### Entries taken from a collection

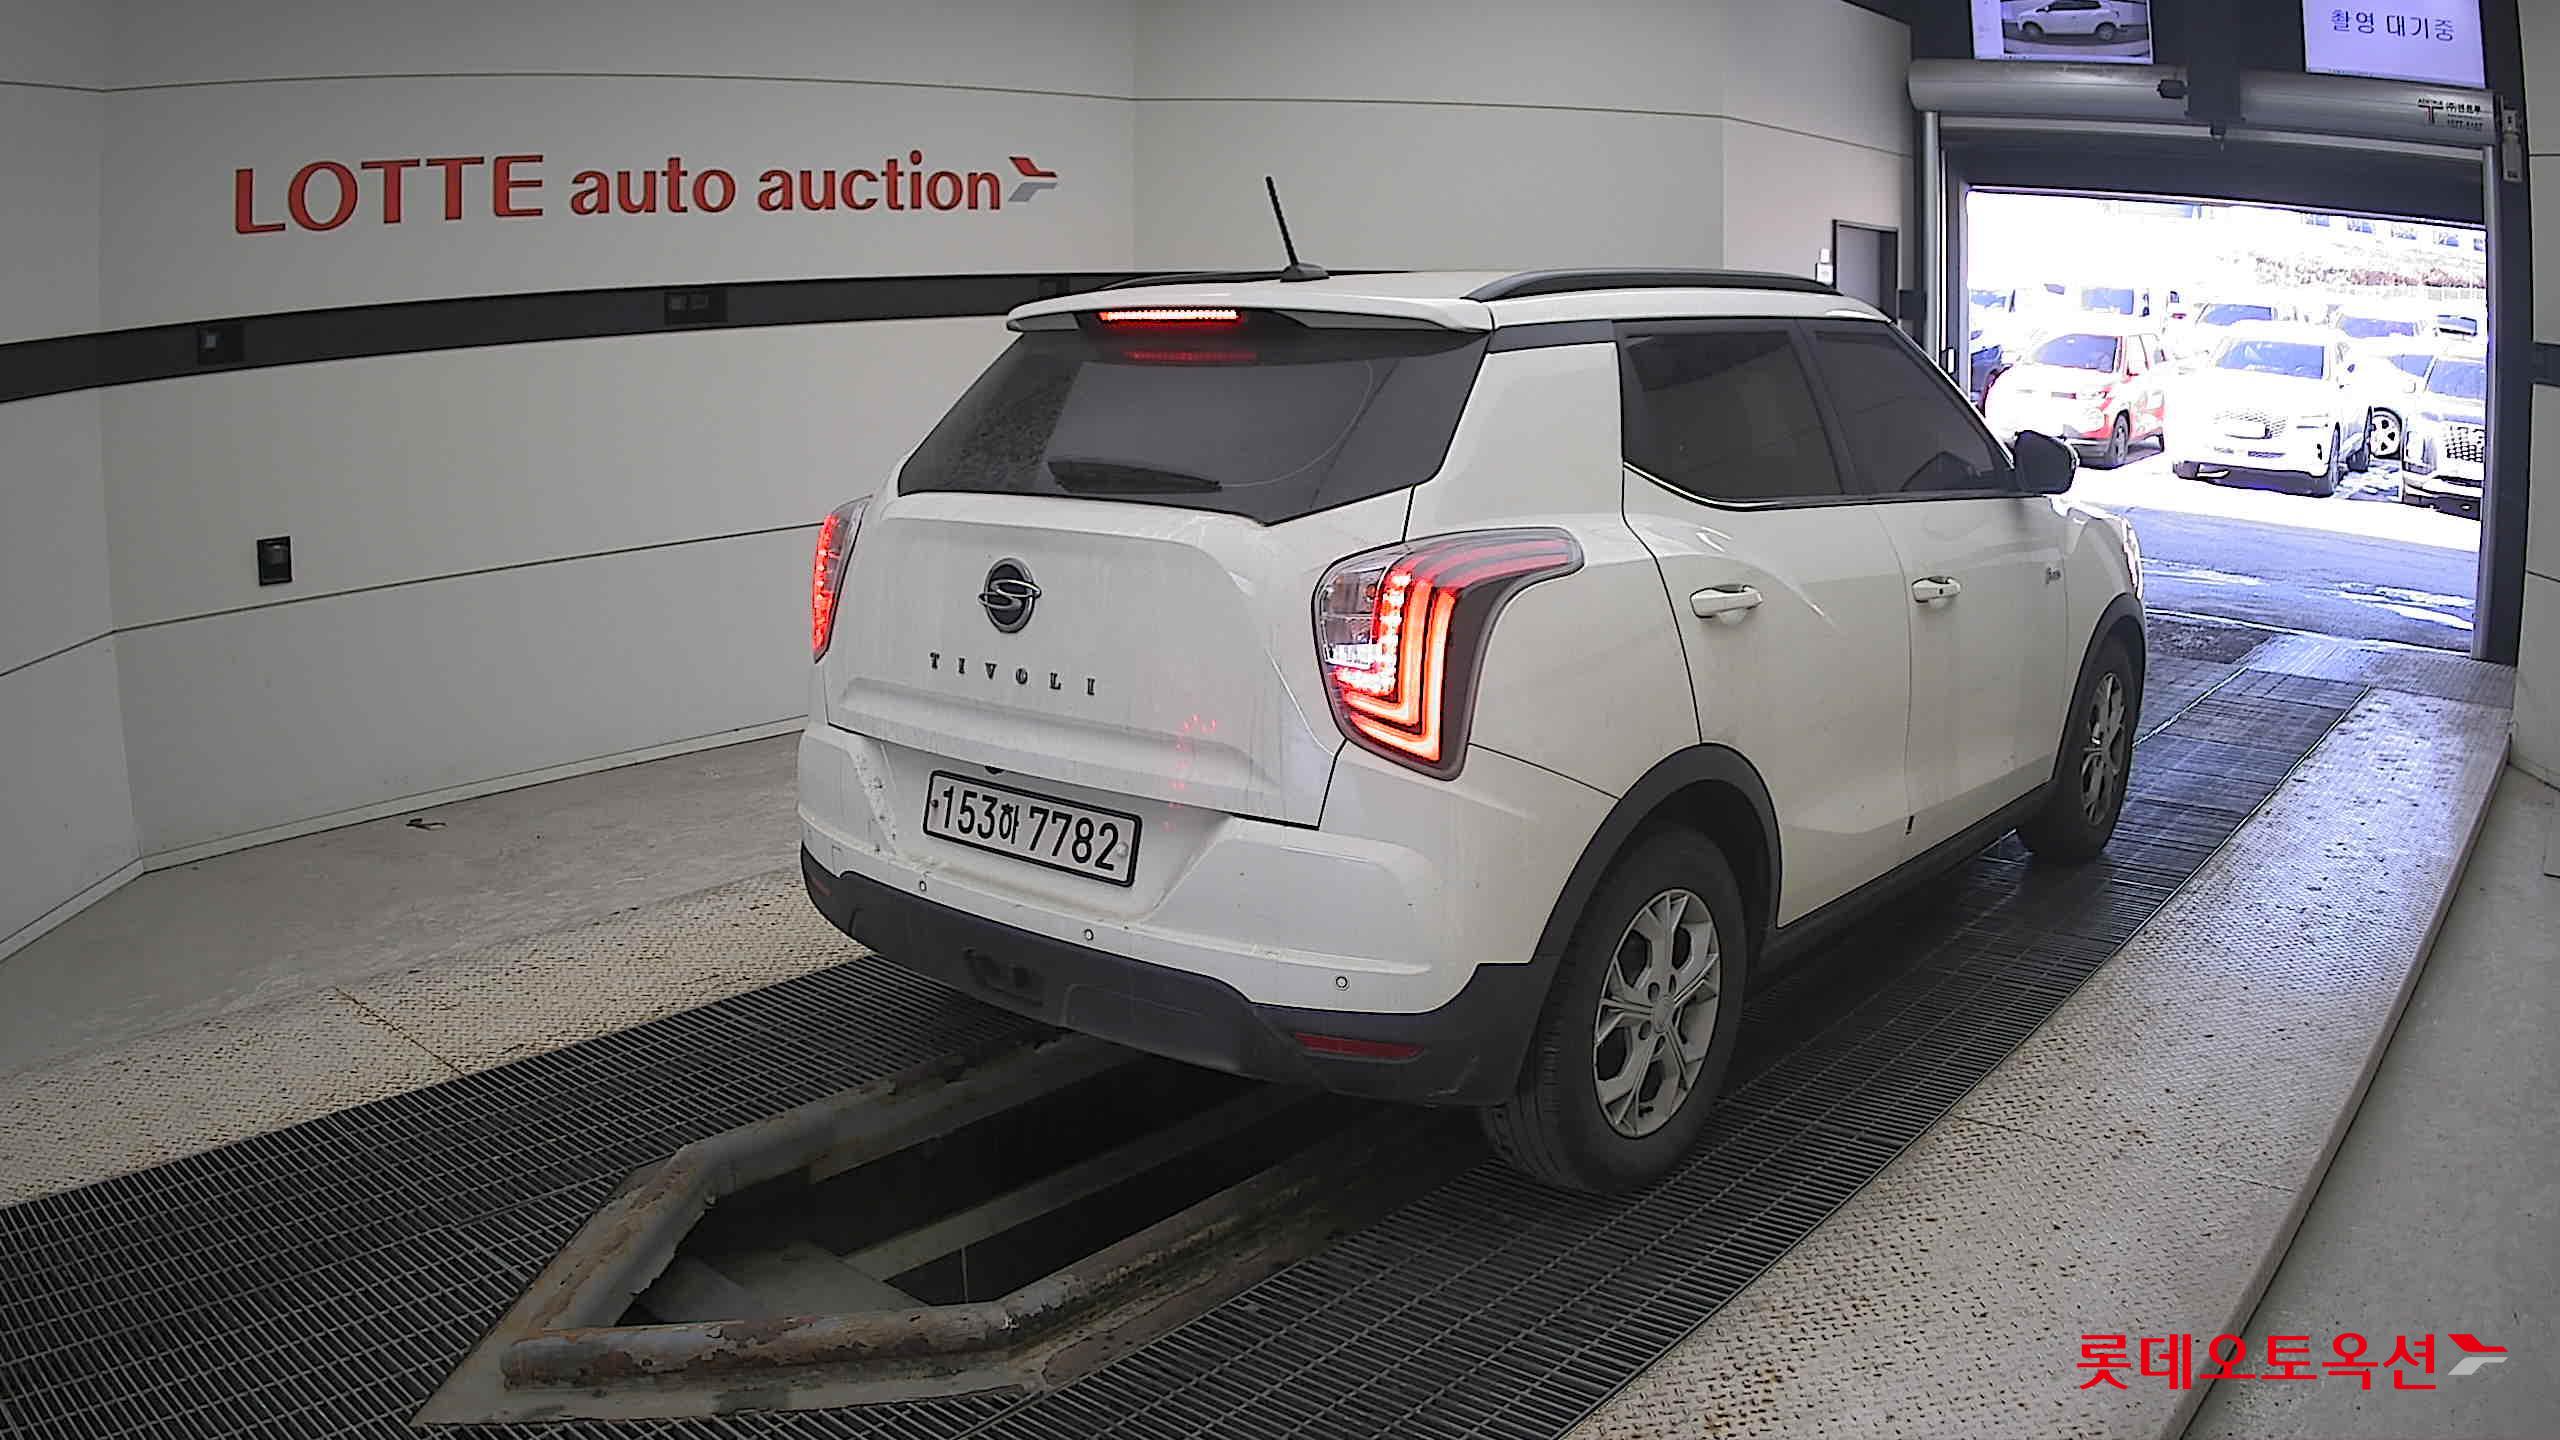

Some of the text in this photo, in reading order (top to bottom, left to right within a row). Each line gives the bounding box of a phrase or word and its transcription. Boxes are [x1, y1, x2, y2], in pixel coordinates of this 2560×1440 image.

[2331, 9, 2453, 42] 촬영 대기중
[235, 150, 1002, 234] LOTTE auto auction
[929, 651, 1096, 696] TIVOLI
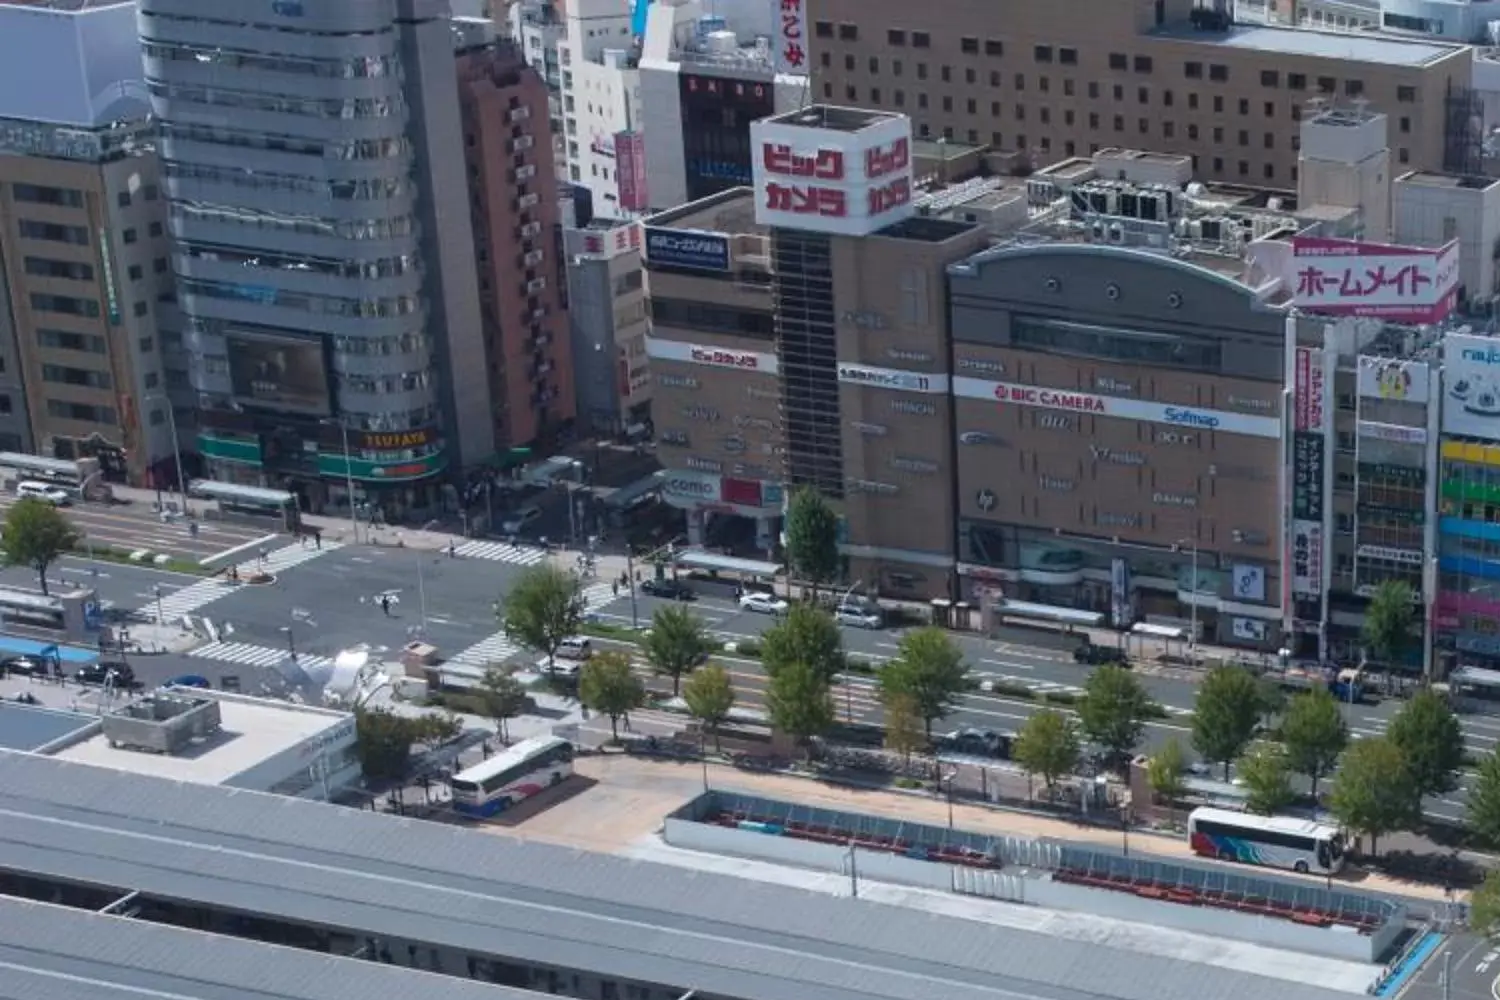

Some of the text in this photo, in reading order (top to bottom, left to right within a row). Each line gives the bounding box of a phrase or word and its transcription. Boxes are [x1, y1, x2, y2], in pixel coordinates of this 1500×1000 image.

[763, 143, 843, 179] ビック
[866, 136, 909, 178] ビック
[766, 181, 846, 218] カメラ
[869, 176, 910, 216] カメラ
[1297, 265, 1431, 297] ホームメイト
[691, 348, 758, 367] ビックカメラ
[1011, 387, 1105, 412] BIC CAMERA
[1164, 407, 1220, 427] Sofmap

### Required action
Repeat the data word for word; drop the pictures.

### Answer for the task
Some of the text in this photo, in reading order (top to bottom, left to right within a row). Each line gives the bounding box of a phrase or word and its transcription. Boxes are [x1, y1, x2, y2], in pixel coordinates of this 2560×1440 image.

[2331, 9, 2453, 42] 촬영 대기중
[235, 150, 1002, 234] LOTTE auto auction
[929, 651, 1096, 696] TIVOLI

Some of the text in this photo, in reading order (top to bottom, left to right within a row). Each line gives the bounding box of a phrase or word and its transcription. Boxes are [x1, y1, x2, y2], in pixel coordinates of this 1500×1000 image.

[763, 143, 843, 179] ビック
[866, 136, 909, 178] ビック
[766, 181, 846, 218] カメラ
[869, 176, 910, 216] カメラ
[1297, 265, 1431, 297] ホームメイト
[691, 348, 758, 367] ビックカメラ
[1011, 387, 1105, 412] BIC CAMERA
[1164, 407, 1220, 427] Sofmap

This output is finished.